The sacrifices of the 376 migrants aboard the Komagata Maru must be honoured. These heroes challenged not only the nature of exclusionary immigration laws of Canada, but, as leaders or sympathizers of the revolutionary pro-independence Ghadr party, they also understood how their treatment in Canada was related to their status as subjects of the global British Empire. In a little known fact, upon return to Calcutta, India in September 1914, the Komagata Maru was stopped by a British gunboat and the passengers were placed under guard. A riot ensued and the British-Indian police opened fired killing a significant number of passengers.

The realities of political and economic migration today are similarly contextualized within a system of global apartheid and neo-liberal rule that demarcates the asymmetrical relations between rich and poor, North and South, citizen and subject.
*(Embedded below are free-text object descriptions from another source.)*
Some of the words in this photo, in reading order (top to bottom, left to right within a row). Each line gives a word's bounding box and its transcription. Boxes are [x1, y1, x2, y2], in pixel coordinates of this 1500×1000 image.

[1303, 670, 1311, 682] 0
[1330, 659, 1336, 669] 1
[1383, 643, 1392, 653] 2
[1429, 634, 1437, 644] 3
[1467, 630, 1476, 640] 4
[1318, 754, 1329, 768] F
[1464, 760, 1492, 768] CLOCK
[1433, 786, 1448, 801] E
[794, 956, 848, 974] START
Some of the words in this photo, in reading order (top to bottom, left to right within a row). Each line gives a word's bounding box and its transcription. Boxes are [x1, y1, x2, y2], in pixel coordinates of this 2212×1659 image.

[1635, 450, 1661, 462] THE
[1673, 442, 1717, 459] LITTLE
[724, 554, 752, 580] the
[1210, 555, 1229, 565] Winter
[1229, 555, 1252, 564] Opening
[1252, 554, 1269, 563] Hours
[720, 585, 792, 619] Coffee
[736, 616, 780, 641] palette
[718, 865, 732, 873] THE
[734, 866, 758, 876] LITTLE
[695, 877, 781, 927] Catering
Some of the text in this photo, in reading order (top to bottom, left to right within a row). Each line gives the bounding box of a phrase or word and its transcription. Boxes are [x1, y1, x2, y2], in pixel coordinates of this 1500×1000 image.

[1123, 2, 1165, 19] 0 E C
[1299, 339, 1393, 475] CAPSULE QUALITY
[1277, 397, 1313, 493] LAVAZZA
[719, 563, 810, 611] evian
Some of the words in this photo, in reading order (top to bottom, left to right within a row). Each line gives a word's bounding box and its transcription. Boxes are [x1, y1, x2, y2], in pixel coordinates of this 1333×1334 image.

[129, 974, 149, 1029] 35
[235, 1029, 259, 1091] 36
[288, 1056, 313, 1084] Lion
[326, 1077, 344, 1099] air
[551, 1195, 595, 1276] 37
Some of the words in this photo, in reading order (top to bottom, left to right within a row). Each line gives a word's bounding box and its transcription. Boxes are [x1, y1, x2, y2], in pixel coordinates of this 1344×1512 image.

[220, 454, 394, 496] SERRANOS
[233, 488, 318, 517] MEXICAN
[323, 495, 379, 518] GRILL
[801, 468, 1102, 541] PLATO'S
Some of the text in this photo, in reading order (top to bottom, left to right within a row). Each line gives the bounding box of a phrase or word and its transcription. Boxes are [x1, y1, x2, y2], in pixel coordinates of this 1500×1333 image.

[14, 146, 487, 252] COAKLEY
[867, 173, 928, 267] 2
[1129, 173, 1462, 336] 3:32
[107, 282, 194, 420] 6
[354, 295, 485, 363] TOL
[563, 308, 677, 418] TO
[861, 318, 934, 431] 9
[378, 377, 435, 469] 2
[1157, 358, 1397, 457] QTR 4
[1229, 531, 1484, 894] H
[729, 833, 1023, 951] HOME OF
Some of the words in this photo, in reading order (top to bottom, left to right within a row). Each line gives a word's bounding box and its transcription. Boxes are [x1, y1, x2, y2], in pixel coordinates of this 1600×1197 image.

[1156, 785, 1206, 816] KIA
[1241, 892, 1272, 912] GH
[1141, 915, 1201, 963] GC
It is a moral obligation, a moral duty, for human beings to change unjust social orders and to not be easily blinded by the false expectations – and in this case false apologies – rendered by governments to placate us; to always be vigilant; to never be silent or desensitized in the face of injustice; and always to remember that the legacy of the Komagata Maru teaches us that no human being – whether our ancestors or our future generations – deserves less than a full measure of justice and our solidarity.

 

A version of this article originally appeared in the Indo-Canadian Voice.

Harsha Walia is a Vancouver-based activist and writer.